Die Geschichten sind so unterschiedlich wie ihre Autorinnen und Autoren. Sie erzählen von Dörfern in unterschiedlichen Regionen Deutschlands, von einer Welt reich an Arbeit und arm an Geld. Von einem Leben zwischen Idylle, Enge und Engagement. Vom Tragen und Getragen-Werden in der Dorfgemeinschaft, aber auch von denen, die am Rande standen und für immer Fremde blieben. Mit vielen Facetten wird in diesem Buch das Leben auf den Dörfern beschrieben. Erzählt wird von Sonnen- und Schattenseiten und auch von jenen Stellen, „an die die Sonne gar nie kam, weil die Häuser in den Dörfern zu dicht standen“.

Man kann sie sehen und hören: die Bauern, den Dorfschmied, den Hausmetzger, die Hebamme, den Dorfschullehrer, die Schneiderin und den Sargträger. Und man kann es riechen: das Feuer der Schmiede, die Sägespäne der Schreinerei, die Misthaufen hinter den Ställen. Spüren kann man die Kälte, die in den unbeheizten Stuben im Winter Eisblumen an die Fensterscheiben zauberte, und die flimmernde Hitze der Sommertage auf den Feldern, in den Scheunen und Gassen.

Es waren Menschen, die diese Dörfer zusammenhielten. Die Dörfer hatten Gesichter und Geschichten, Orte mit Begegnungen zu fröhlichen und traurigen Anlässen. Im Kreislauf der Jahreszeiten zwischen Saat und Ernte, im Kreislauf der Feste zwischen Ostern und Weihnachten, im Kreislauf des Lebens zwischen Geburt und Tod. Ich danke den Autorinnen und Autoren, die sich auf dieses Buchprojekt eingelassen haben, für das Vertrauen und die Offenheit, mit der sie einen Blick in die Dörfer ihrer Kindheit ermöglichen, und für die Zeit, die sie für das Schreiben ihrer Geschichte verwendeten. Damit haben sie dieses Buch erst möglich gemacht.

August 2022

Ulrike Siegel

Rita Fellner (geb. 1956),aufgewachsen in der Hallertau (Bayern)

Die Kramerin von Oberlauterbach

Ihr Kolonialwarenladen stand mitten im Dorf, gleich neben der Kirche. Sie hatte in den Laden eingeheiratet und ihn vom Schwiegervater übernommen, am ersten Tag nach der Hochzeit im Jahr 1956. Von sechs Uhr morgens, wenn der Bäcker das frische Brot brachte, bis sieben Uhr abends, nachdem sie ihren Laden durchgewischt hatte, stand sie in ihrer weißen Schürze hinter dem Ladentisch. Wiegte ab, packte ein, gab aus.

Hart und ausdauernd hat sie gearbeitet und die kluge Rechnerin hat so im Lauf der Zeit das Sortiment dem Bedarf immer wieder neu angepasst. Bei ihr gab es alles, was die Dorfbewohner brauchten. Alles für den alltäglichen Bedarf an Lebensmitteln, Bonbons stückweise für einen Pfennig aus einer Drehgondel, verschiedene Senfmehle aus großen Gläsern zum Selbstmischen für Senf. Alles für die Schule, Schuhcreme und Rasierklingen, auch Textilien, Kälberstricke und Brühpech.

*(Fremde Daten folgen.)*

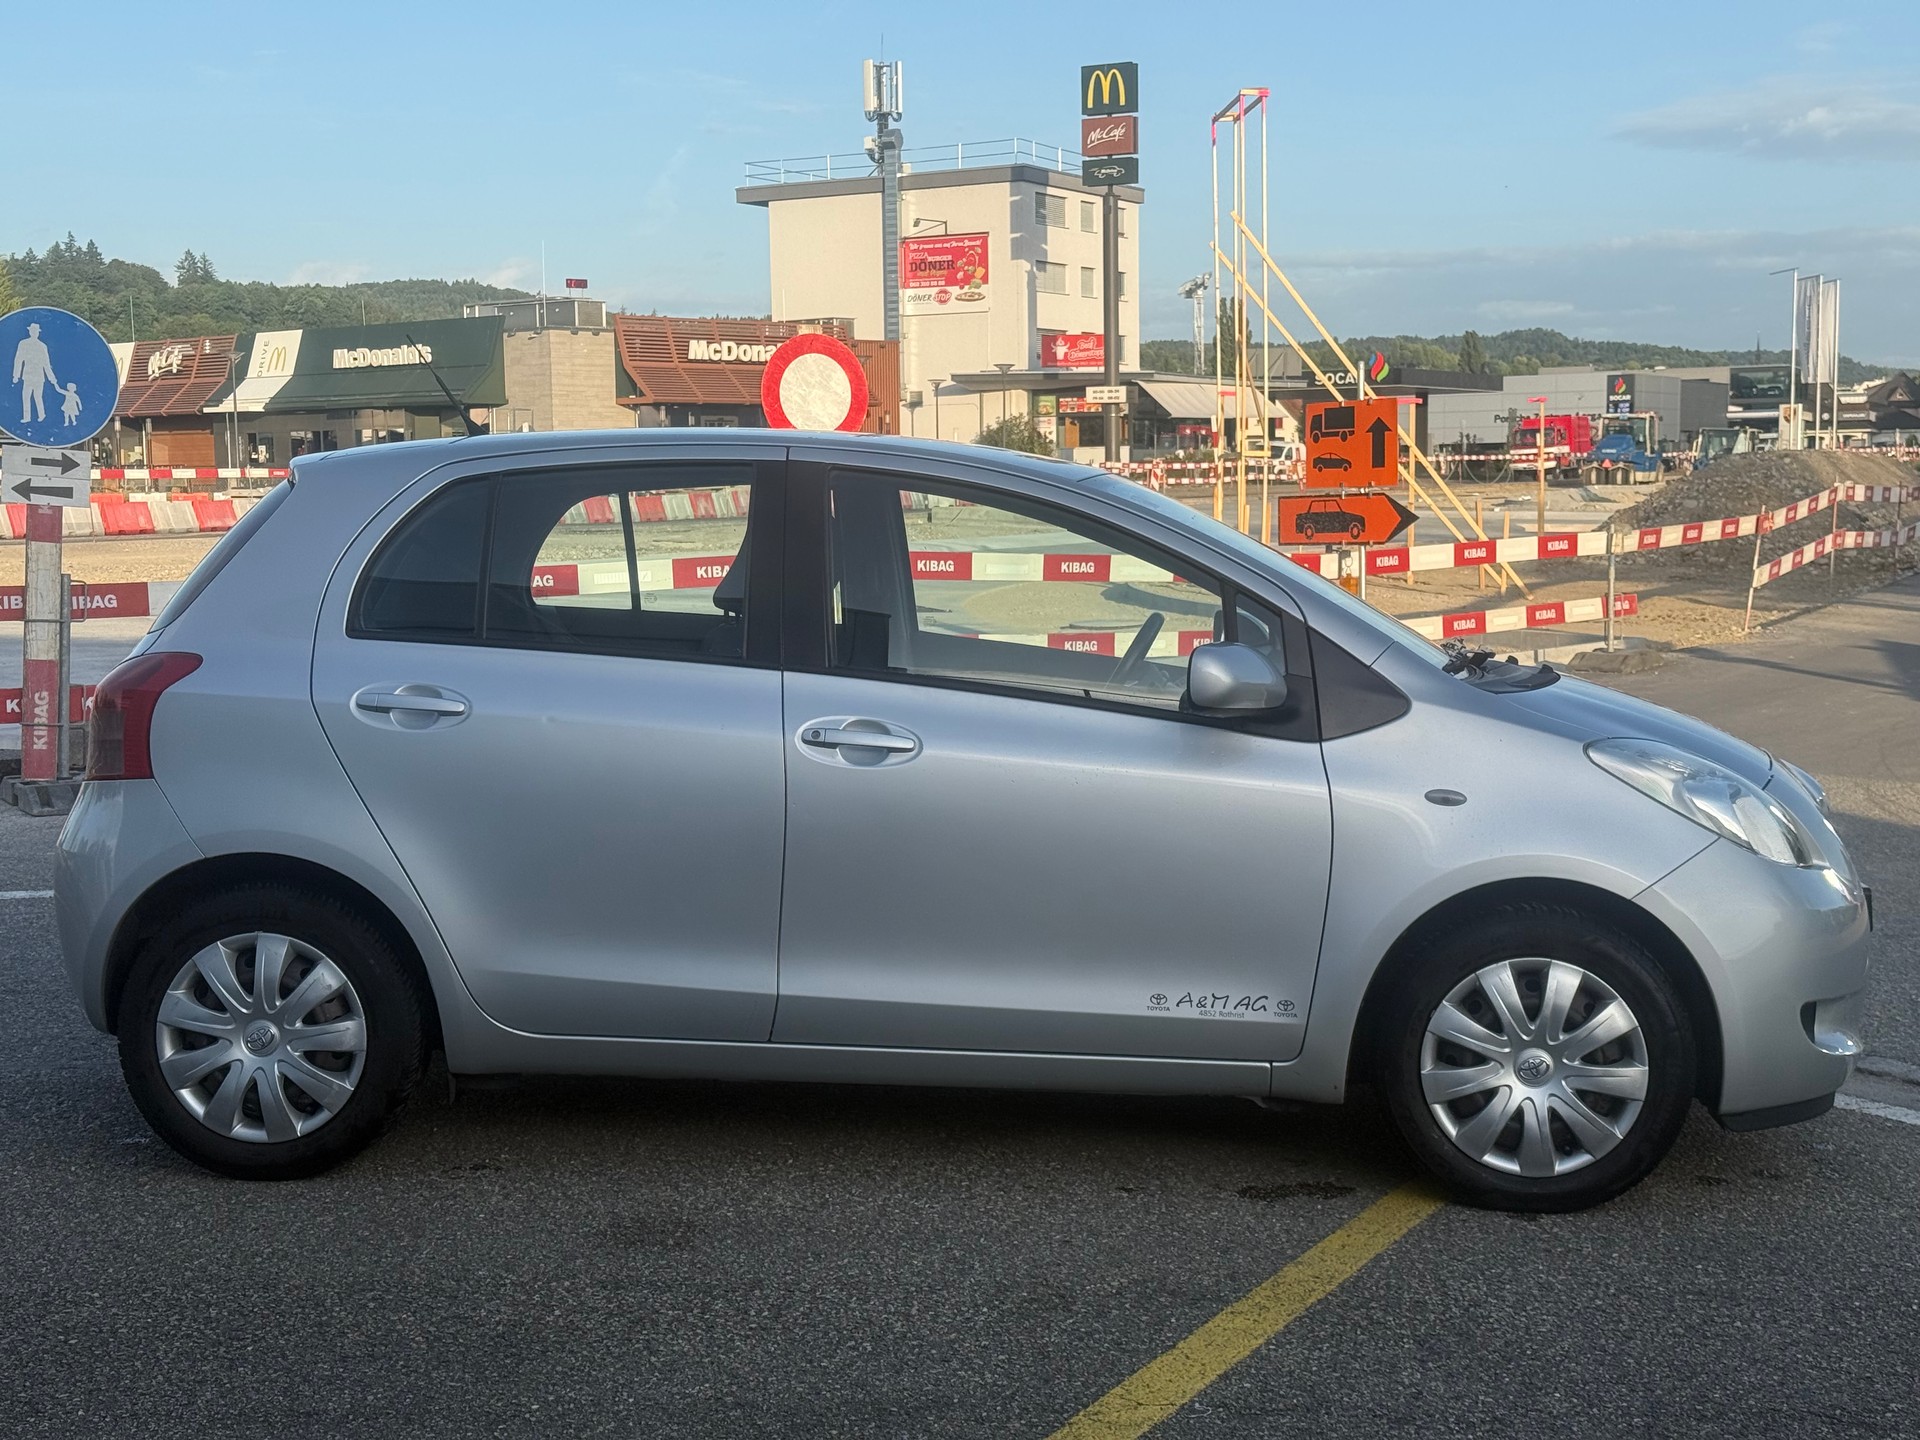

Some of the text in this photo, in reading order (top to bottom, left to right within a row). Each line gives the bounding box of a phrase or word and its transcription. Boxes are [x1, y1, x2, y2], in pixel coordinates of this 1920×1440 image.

Wenn die Leute am Sonntagvormittag aus der Kirche kamen, konnten sie noch Zutaten für das Sonntagsessen mitnehmen, denn die Kramerin war die Erste, die die Kirche verließ, und hatte ihren Laden bereits aufgesperrt, wenn die anderen aus der Kirche kamen.

Stellte sich am Samstagabend bei jemandem unverhofft Besuch ein, so wurde auch mal an die Tür geklopft, um noch schnell für den Besuch einen Wein oder ein Bier zu besorgen.

Ihr Laden war auch Treffpunkt zum Neuigkeiten-Austauschen. Von Mund zu Mund erfuhr man, ob jemand krank oder gar gestorben war – schon bevor es in der Zeitung stand.

Die Kramerin war auch eine diplomatische Frau und hat auch so manchen Streit geschlichtet.

Wir Kinder mochten besonders gern die Weihnachtszeit. Die beiden Schaufenster waren schön dekoriert mit Tannenzweigen und Tannenzapfen vom Wald. Lichterglanz und Goldpapierfunkeln. Oft standen wir Kinder vor den Fenstern und suchten in Gedanken ein ausgestelltes Teil aus, das uns besonders gut gefiel. Eine schöne Seife, ein Parfüm, eine kleine Figur oder Pralinen. Das durfte sich dann der Nächste nicht mehr wünschen. Selten, dass wir dann auch wirklich zu Weihnachten so etwas bekommen haben, aber für einen kurzen Moment hatten wir es schon besessen. Im Laden duftete es da besonders gut nach Zimt und Lebkuchen, nach Zitronat und Orangeat. Dies gab’s in Hälften zum Selbstschneiden aus großen Gläsern, die in den hölzernen Regalen standen.

Am Heiligen Abend wollte die Ladenglocke gar nicht mehr stillstehen. Die Kramerin hatte selbst verdientes Bargeld in der Kasse, was zu dieser Zeit die wenigsten Frauen hatten.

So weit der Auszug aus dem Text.